So… ever since moving to Louisiana, I have wondered how a little town in the south central portion of the state surrounded by seemingly flat farmland got named Sicily Island.

No longer! Our geology workshop cleared that up for me, and Gerry Click’s information was driven home when I began posting my observations from our field work on iNat. Just look at this map. Do you not see an island?!

IMGP9437 72-15
The J. C. “Sonny” Gilbert WMA is the green area covering most of the western portion of the geological island you see between the Ouachita River Valley on the west and the flat farmland surrounding the town of Sicily Island and extending to the east pretty much all the way to the Mississippi River. The pink tear drops marked A and B are observations of plants I made at the St. Mary Falls and Rock Falls trailheads, respectively, and posted on iNaturalist.

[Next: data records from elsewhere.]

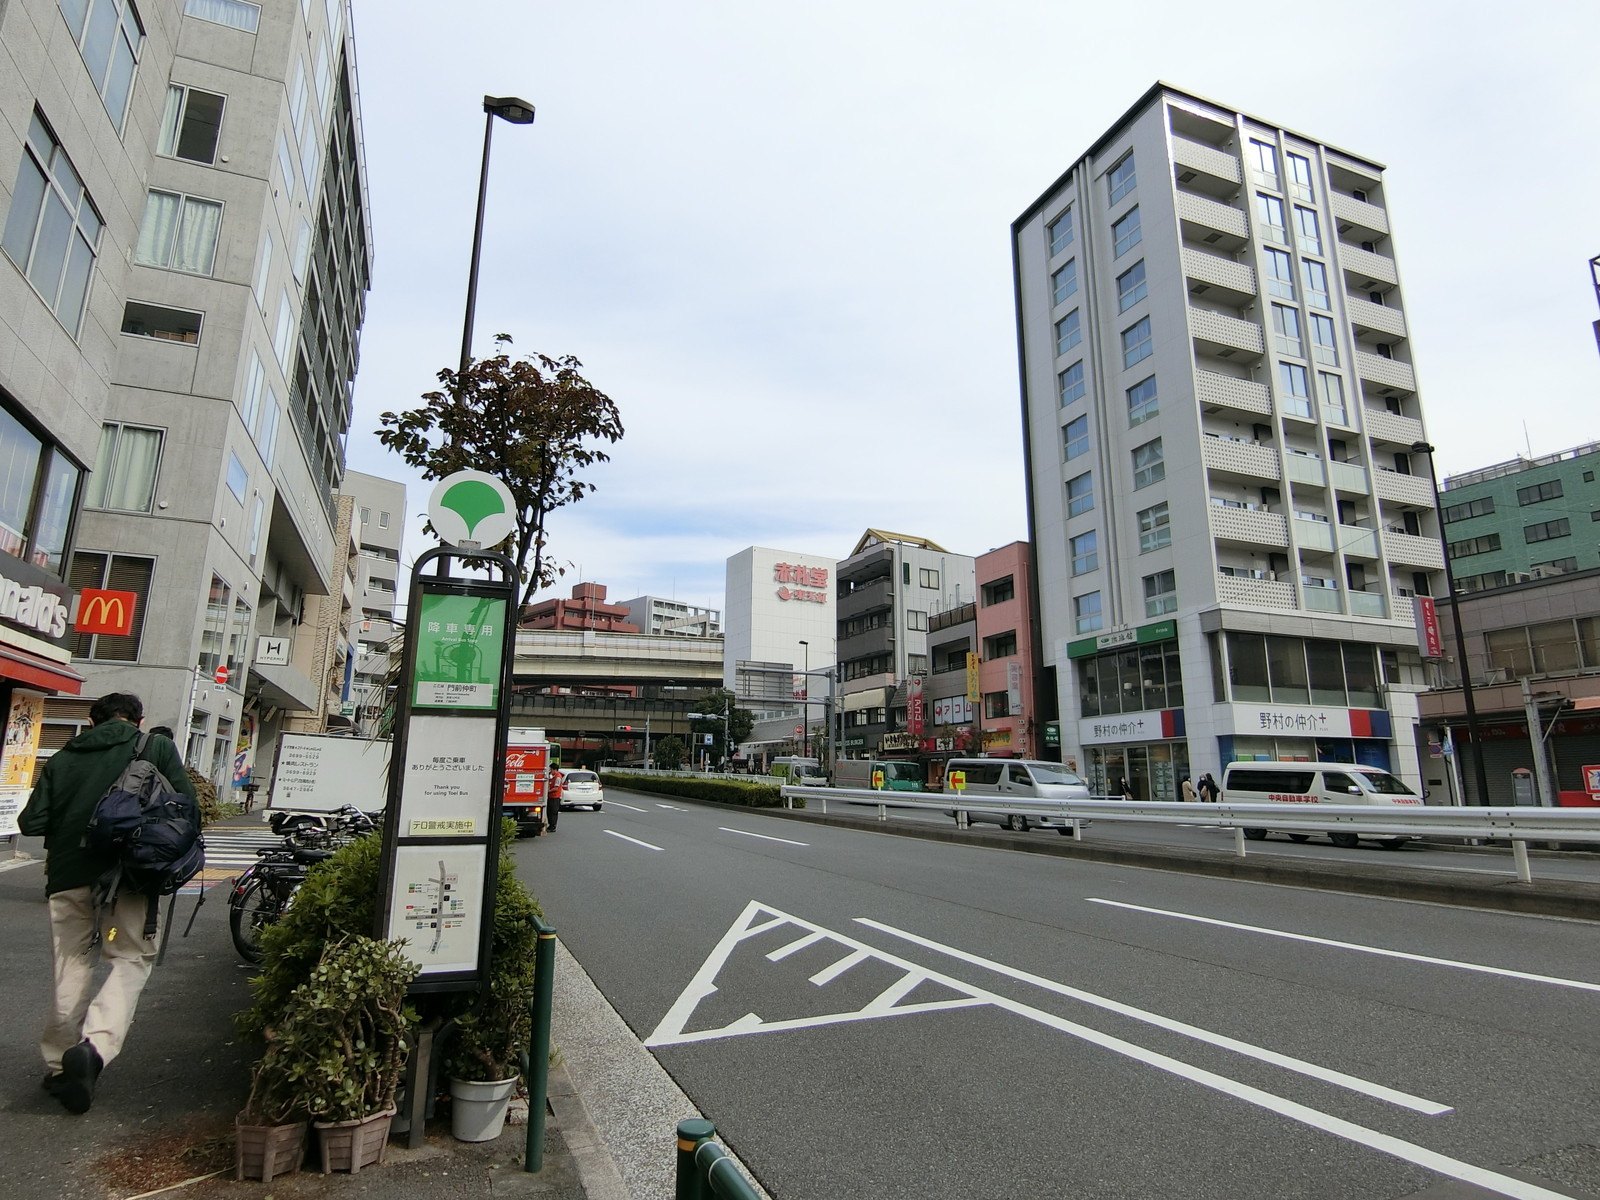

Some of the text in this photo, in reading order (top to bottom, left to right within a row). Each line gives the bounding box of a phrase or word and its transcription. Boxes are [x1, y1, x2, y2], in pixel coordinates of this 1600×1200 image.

[774, 562, 828, 588] 赤札堂
[0, 573, 68, 638] nald's
[427, 621, 493, 637] 降車専用
[446, 684, 477, 692] 門前仲町
[914, 699, 922, 721] アコム
[944, 701, 973, 715] アコム
[432, 756, 466, 764] 毎度ご乗車
[411, 764, 485, 772] ありがとうございました
[1268, 794, 1319, 804] 中央自動車学校
[412, 820, 473, 830] テロ警戒実施中

I will not try to repeat the entire explanation Gerry gave for this rocky island, but it is an Ice Age formation. It is also one of the few places you can go in Louisiana to see lots of rocks, and it is definitely the only place you can go to see a 20-foot cascade!

Rock Falls
Bette Kauffman and Gerry Click enjoy the view from the top of Rock Falls in the J. C. “Sonny” Gilbert WMA on the Rock Falls Trail.     (photo by Charles Paxton)

BTW, shortly after Charles Paxton took the above photo, Amy Ouchley made our day by standing IN the falling water!

Blooming trillium and red buckeye all over the place were among the many delights of the day. Both love a sunny slope, and the J. C. “Sonny” Gilbert WMA has lots of them. And I can report with confidence that the trillium blooming here are a different species from the trillium that bloom a few miles north on the ULM Biological Station, Charles Allen Nature Preserve.

Trillium (Trillium
Trillium (Trillium sp.)

I can narrow it down to two species. Based on Charles Allen’s wildflower book, the only two possibilities for these locations are Trillium ludoviciana and Trillium gracile. I have long thought the trillum near Columbia were T. ludoviciana. But now that I have a point of comparison, I’m inclined to think that these are T. ludoviciana and the ones up near Columbia are T. gracile. And if that is so, I have a LOT of photos of trillium to re-label!

Hiking the J. C. “Sonny” Gilbert WMA has been on our agenda for awhile. You might recall that we planned a family fun hike there a year ago and got rained out. I now understand why hiking those trails when wet and muddy would not be a good idea! They are challenging trails, rocky with some very steep stretches, but well worth the effort.

Kim Paxton and I are both working on species lists. I’m sure our birders Suzanne Laird and Roselie Overby will contribute as well. Thanks again to Gerry Click and all who came and made it another great workshop adventure for LMN–NE.

Now… how did a small town in south central Louisiana get named Sicily Island?